* Problem: Type the data below again exactly. Omit all pictures.

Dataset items
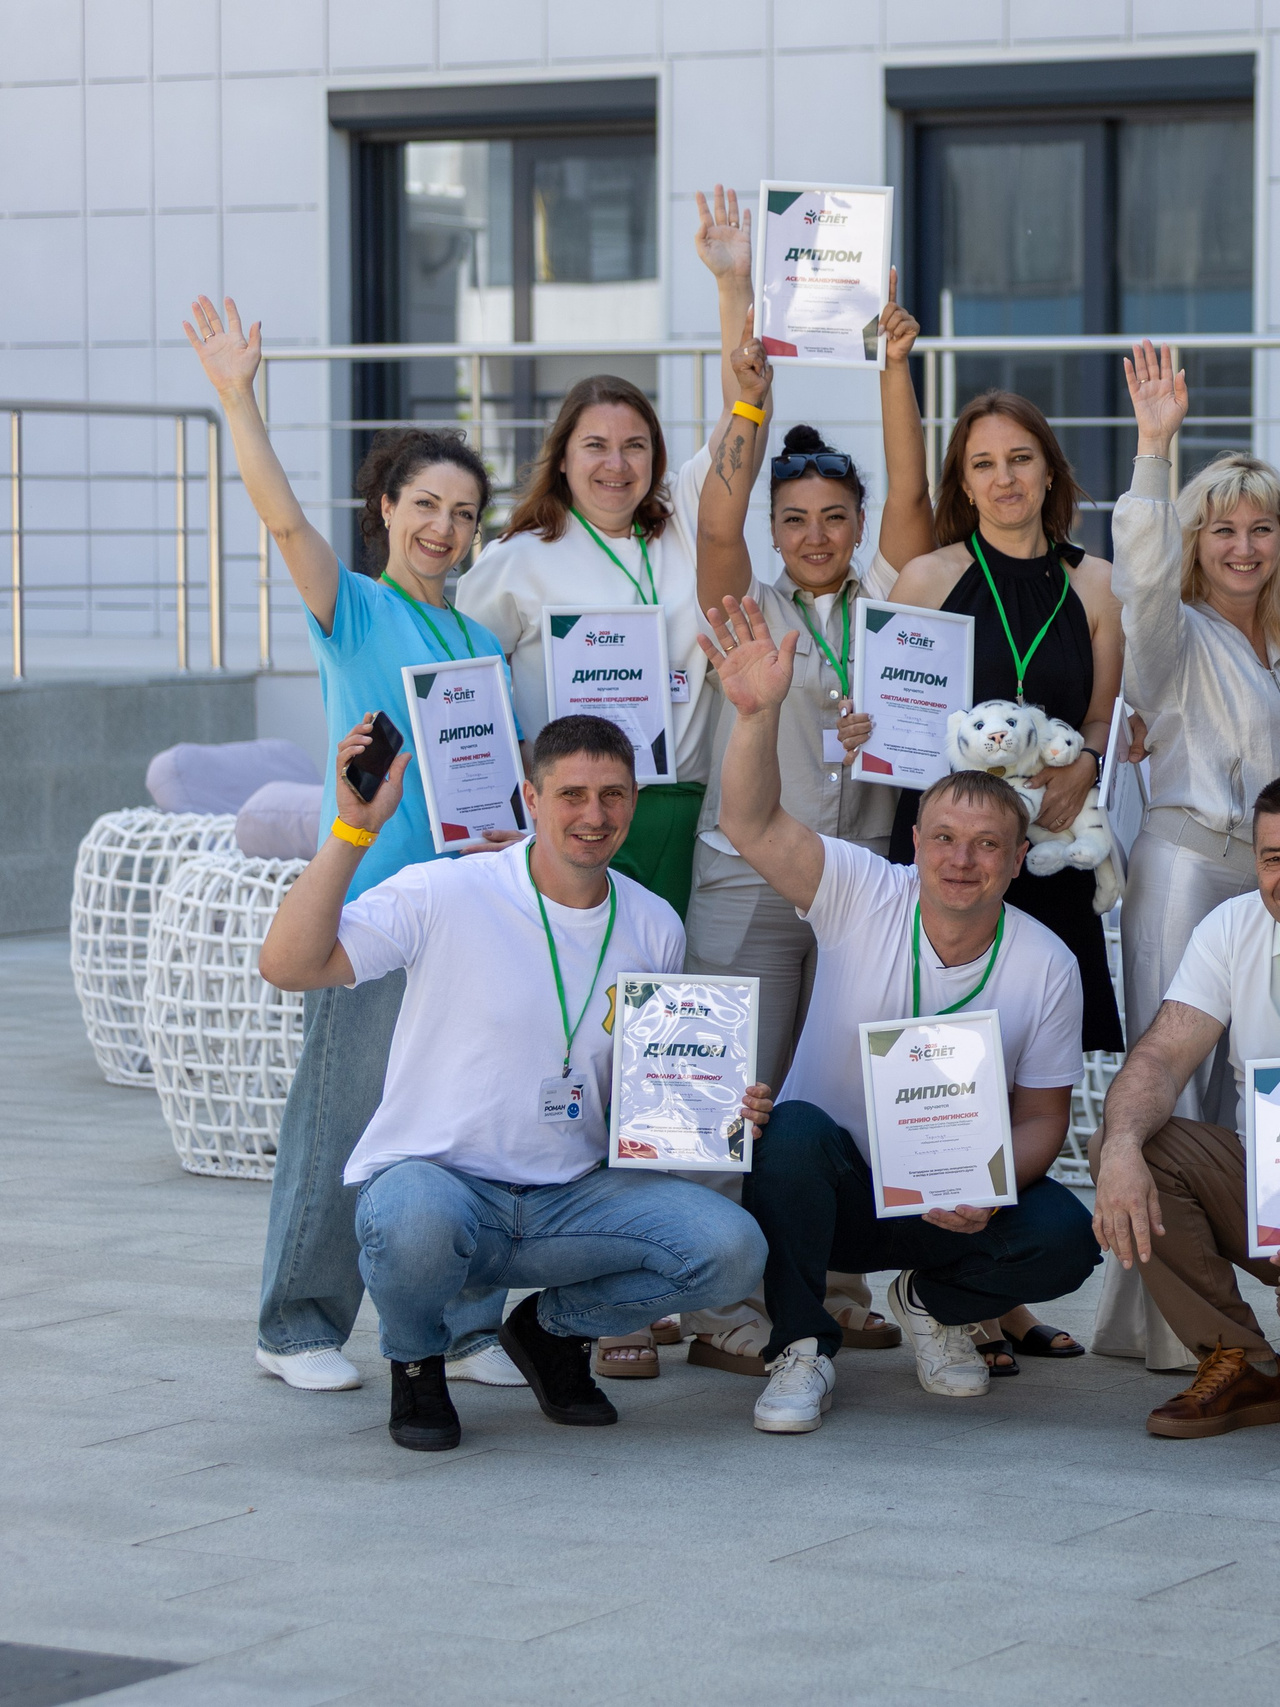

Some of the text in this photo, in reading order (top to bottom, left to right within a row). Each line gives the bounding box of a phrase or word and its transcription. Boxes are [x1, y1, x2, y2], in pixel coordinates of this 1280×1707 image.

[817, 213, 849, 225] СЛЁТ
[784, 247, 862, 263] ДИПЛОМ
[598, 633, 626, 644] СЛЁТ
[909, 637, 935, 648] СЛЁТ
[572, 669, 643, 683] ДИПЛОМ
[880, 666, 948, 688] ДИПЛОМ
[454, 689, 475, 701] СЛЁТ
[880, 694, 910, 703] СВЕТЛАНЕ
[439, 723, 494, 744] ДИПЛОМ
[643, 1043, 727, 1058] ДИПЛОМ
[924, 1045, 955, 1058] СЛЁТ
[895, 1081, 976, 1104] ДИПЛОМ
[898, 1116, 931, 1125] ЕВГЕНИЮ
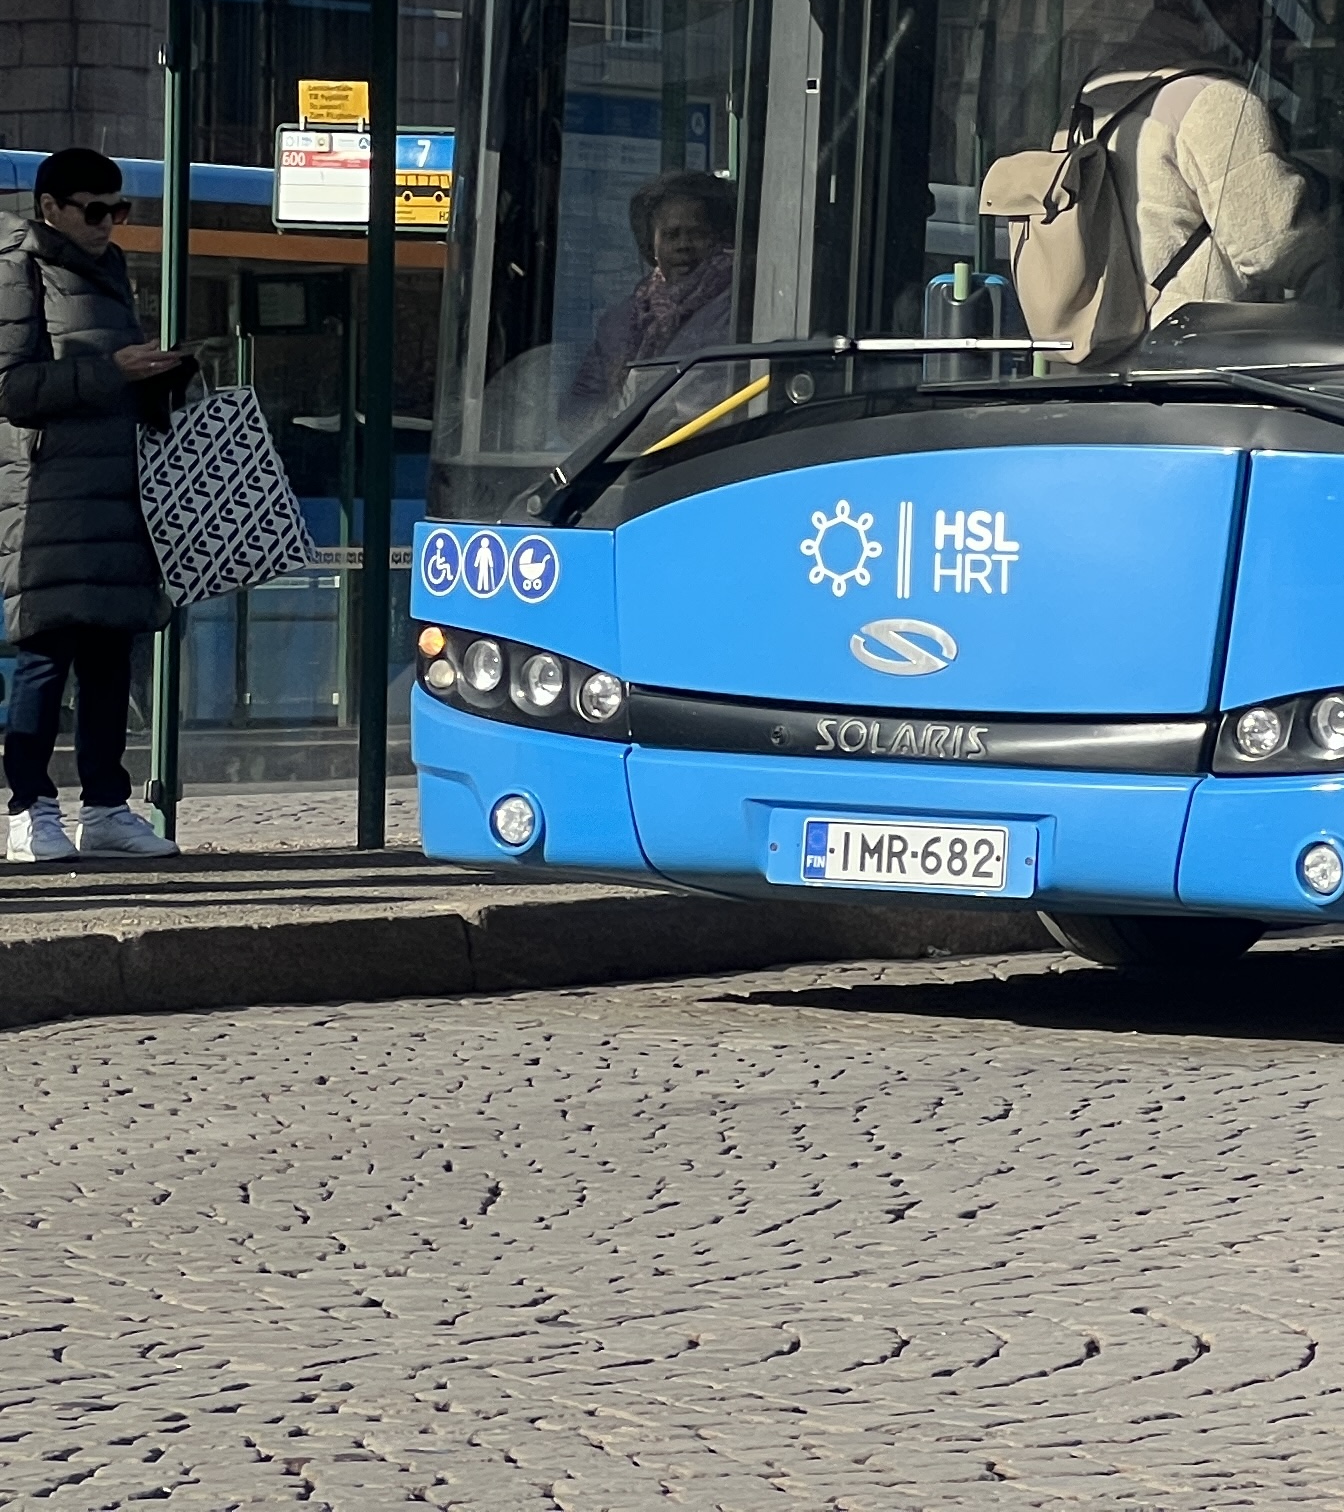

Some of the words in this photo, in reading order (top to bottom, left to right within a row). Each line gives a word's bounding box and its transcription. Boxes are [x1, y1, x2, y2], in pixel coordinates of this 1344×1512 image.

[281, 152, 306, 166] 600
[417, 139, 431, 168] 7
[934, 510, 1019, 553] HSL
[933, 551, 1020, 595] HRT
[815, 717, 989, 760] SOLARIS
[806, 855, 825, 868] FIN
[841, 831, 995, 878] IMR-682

* The answer:
Some of the text in this photo, in reading order (top to bottom, left to right within a row). Each line gives the bounding box of a phrase or word and its transcription. Boxes are [x1, y1, x2, y2], in pixel coordinates of this 1280×1707 image.

[817, 213, 849, 225] СЛЁТ
[784, 247, 862, 263] ДИПЛОМ
[598, 633, 626, 644] СЛЁТ
[909, 637, 935, 648] СЛЁТ
[572, 669, 643, 683] ДИПЛОМ
[880, 666, 948, 688] ДИПЛОМ
[454, 689, 475, 701] СЛЁТ
[880, 694, 910, 703] СВЕТЛАНЕ
[439, 723, 494, 744] ДИПЛОМ
[643, 1043, 727, 1058] ДИПЛОМ
[924, 1045, 955, 1058] СЛЁТ
[895, 1081, 976, 1104] ДИПЛОМ
[898, 1116, 931, 1125] ЕВГЕНИЮ

Some of the words in this photo, in reading order (top to bottom, left to right within a row). Each line gives a word's bounding box and its transcription. Boxes are [x1, y1, x2, y2], in pixel coordinates of this 1344×1512 image.

[281, 152, 306, 166] 600
[417, 139, 431, 168] 7
[934, 510, 1019, 553] HSL
[933, 551, 1020, 595] HRT
[815, 717, 989, 760] SOLARIS
[806, 855, 825, 868] FIN
[841, 831, 995, 878] IMR-682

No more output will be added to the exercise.